Dans le camp rival, Sarraj a affirmé à plusieurs reprises qu’il n’y aurait pas de cessez-le-feu tant que les troupes de Haftar ne se retiraient pas vers leurs positions d’avant l’offensive, dans le sud et l’est du pays.
Positions figées
Aujourd’hui, les positions militaires des deux camps sont quasiment figées, notamment en banlieue sud. Depuis le début des combats, plusieurs livraisons d’armements aux deux camps ont été signalées en dépit de l’embargo sur les armes décrété par l’Onu pour ce pays depuis 2011.

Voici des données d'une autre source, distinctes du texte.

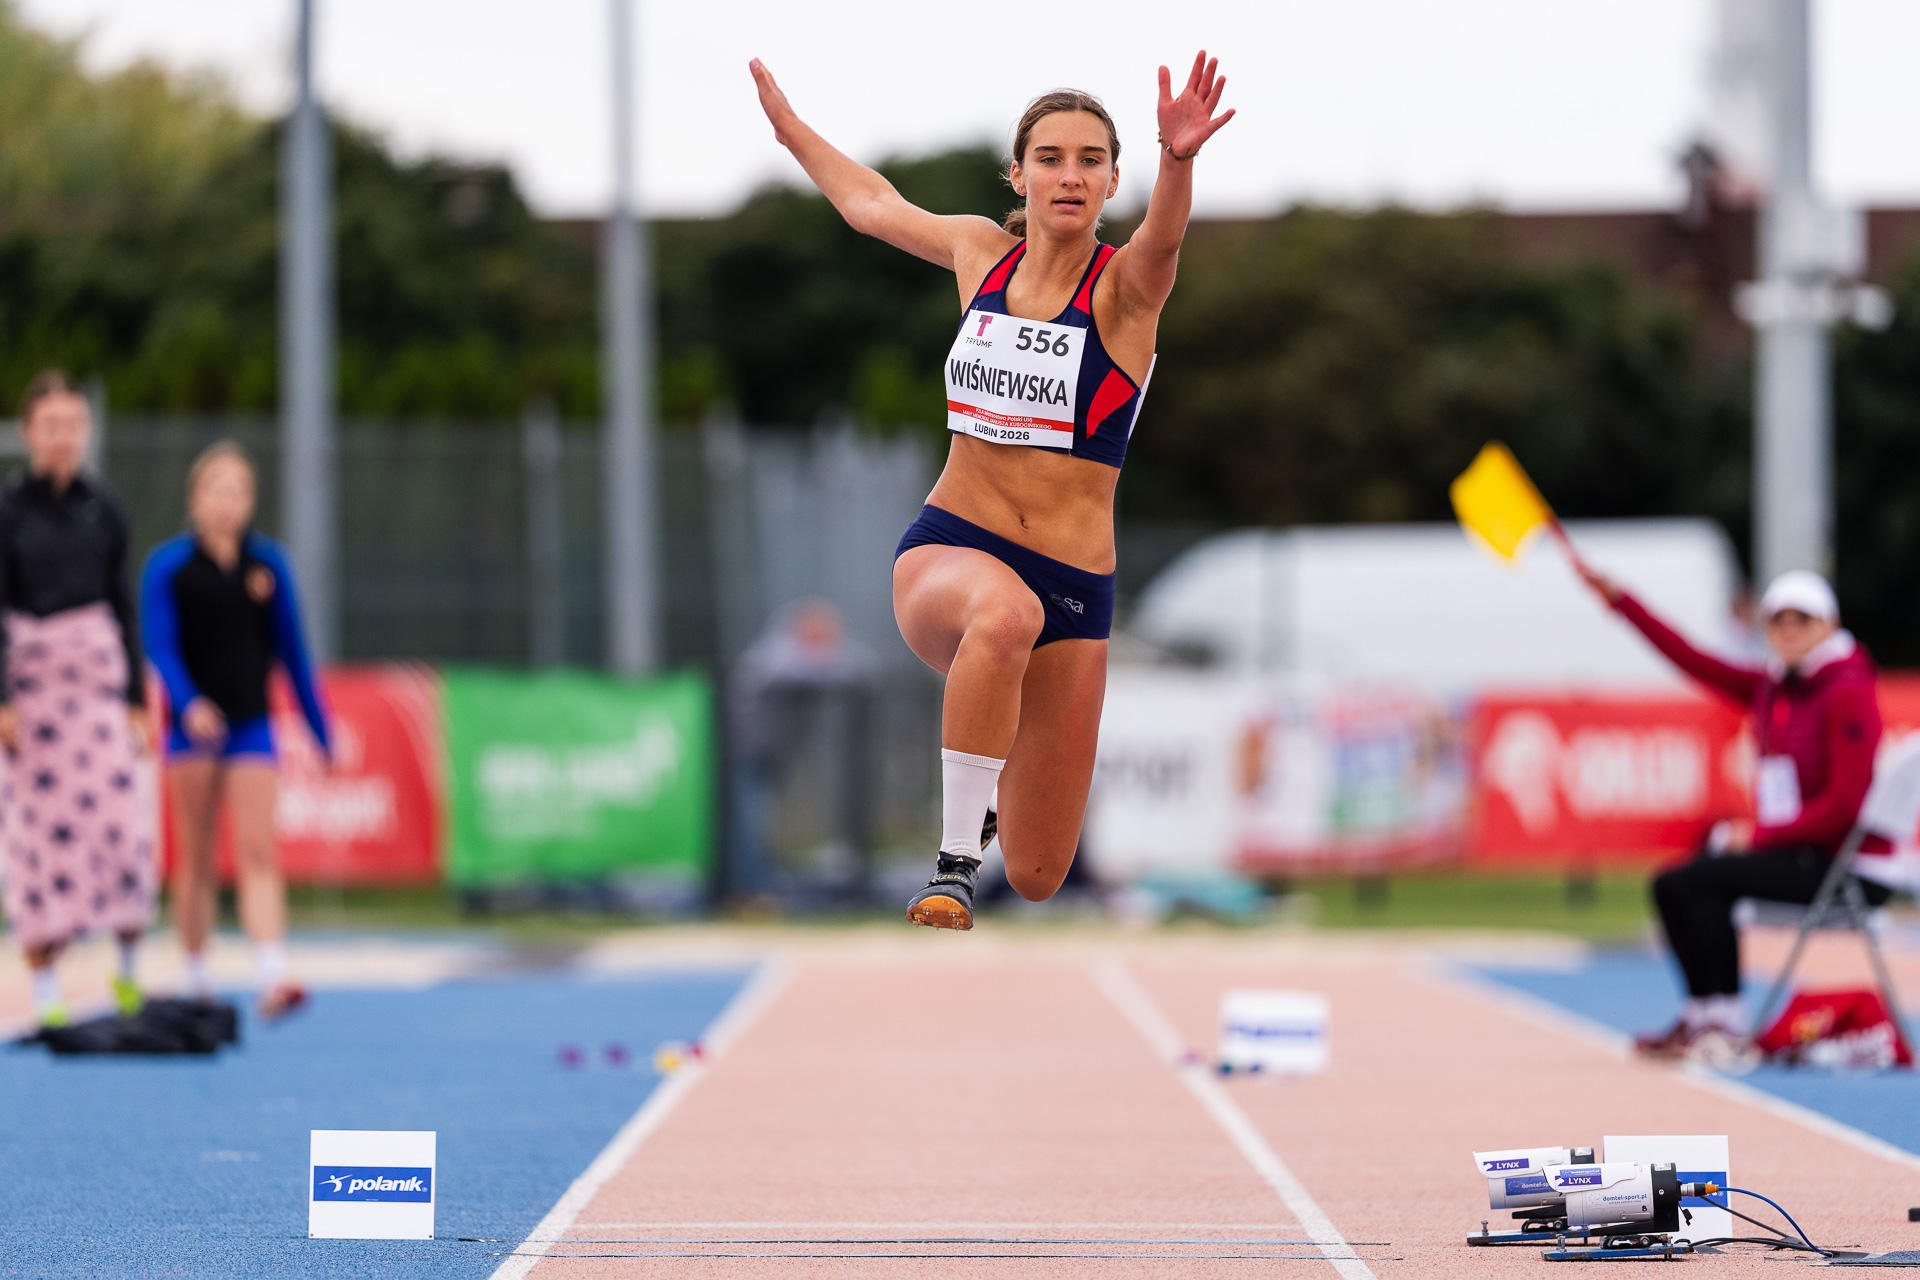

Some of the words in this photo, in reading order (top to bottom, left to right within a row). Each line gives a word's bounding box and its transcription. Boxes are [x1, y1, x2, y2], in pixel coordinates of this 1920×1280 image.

[965, 337, 993, 348] TRYUMF
[1015, 326, 1070, 357] 556
[950, 358, 1068, 406] WIŚNIEWSKA
[974, 422, 998, 438] LUBIN
[1000, 429, 1030, 441] 2026
[1496, 1161, 1520, 1170] LYNX
[347, 1175, 424, 1194] polanik
[1568, 1177, 1592, 1185] LYNX
[1602, 1192, 1648, 1203] domtel-sport.pl

Face à cette situation, l’émissaire de l’Onu pour la Libye, Ghassan Salamé, a mis en garde devant le Conseil de sécurité que la Libye était sur le point de tomber dans une guerre civile et elle sera longue, sanglante et pourrait conduire à la division permanente du pays. « La poursuite de ces combats peut conduire à la division permanente du pays », a prévenu Salamé.

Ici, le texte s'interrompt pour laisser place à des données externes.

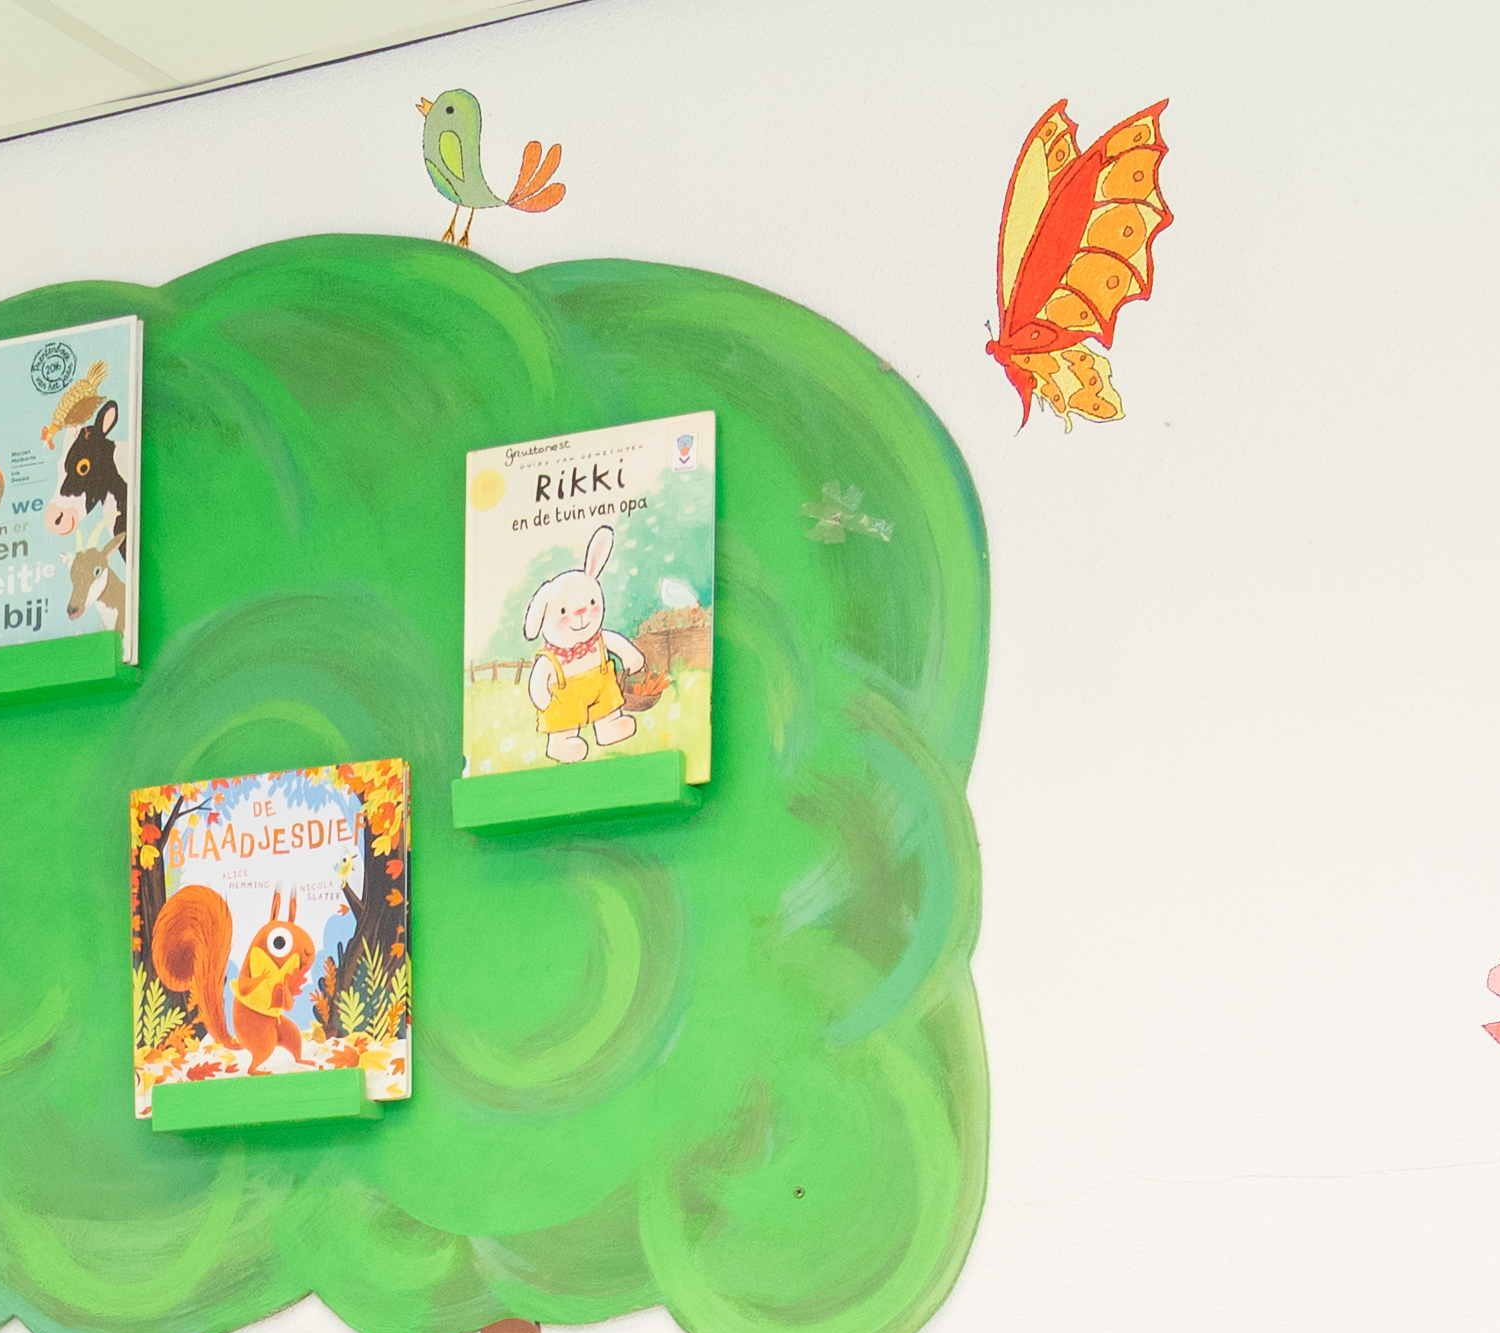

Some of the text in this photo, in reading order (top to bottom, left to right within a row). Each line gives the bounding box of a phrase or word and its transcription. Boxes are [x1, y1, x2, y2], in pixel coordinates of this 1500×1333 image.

[535, 458, 626, 503] Rikki
[11, 498, 44, 515] we
[512, 496, 649, 532] en de tuin van opa
[13, 521, 30, 534] er
[253, 800, 277, 818] DE
[168, 811, 368, 869] BLAADJESDIEF
[222, 868, 249, 880] ALICE
[228, 880, 270, 890] HEMMING
[300, 880, 334, 892] NICOLA
[306, 892, 341, 901] SLATER

En première réaction à ses paroles, le maréchal Haftar a accusé le médiateur onusien de devenir un médiateur partial dans le conflit. « La partition de la Libye, c’est peut-être ce que nos adversaires veulent. C’est peut-être ce que Ghassan Salamé souhaite aussi. Salamé multiplie les déclarations irresponsables. Ce genre de propos révèle qu’il y a une opinion commune chez ces gens-là, qui parlent de partition et de conflits entre tribus. Mais, encore une fois, cette division est impossible car les Libyens resteront unis et la Libye restera un seul peuple. Tout le reste n’est que chimères », a ajouté le maréchal dans un entretien à l’hebdomadaire français Le Journal du Dimanche.
Un rôle français ?
Essayant de trouver un compromis pour arrêter ces combats, le président français, Emmanuel Macron, a reçu à Paris le maréchal Haftar mercredi 22 mai pour le pousser à reprendre le processus politique pour sortir le pays du chaos. Il a demandé à l’homme fort de l’Est de la Libye qu’une cessation des hostilités intervienne le plus tôt possible, tout en reconnaissant que la défiance entre les acteurs libyens est plus forte que jamais et on voit bien l’impasse entre le souhait de la communauté internationale pour une cessation des hostilités et la manière de voir du maréchal Haftar.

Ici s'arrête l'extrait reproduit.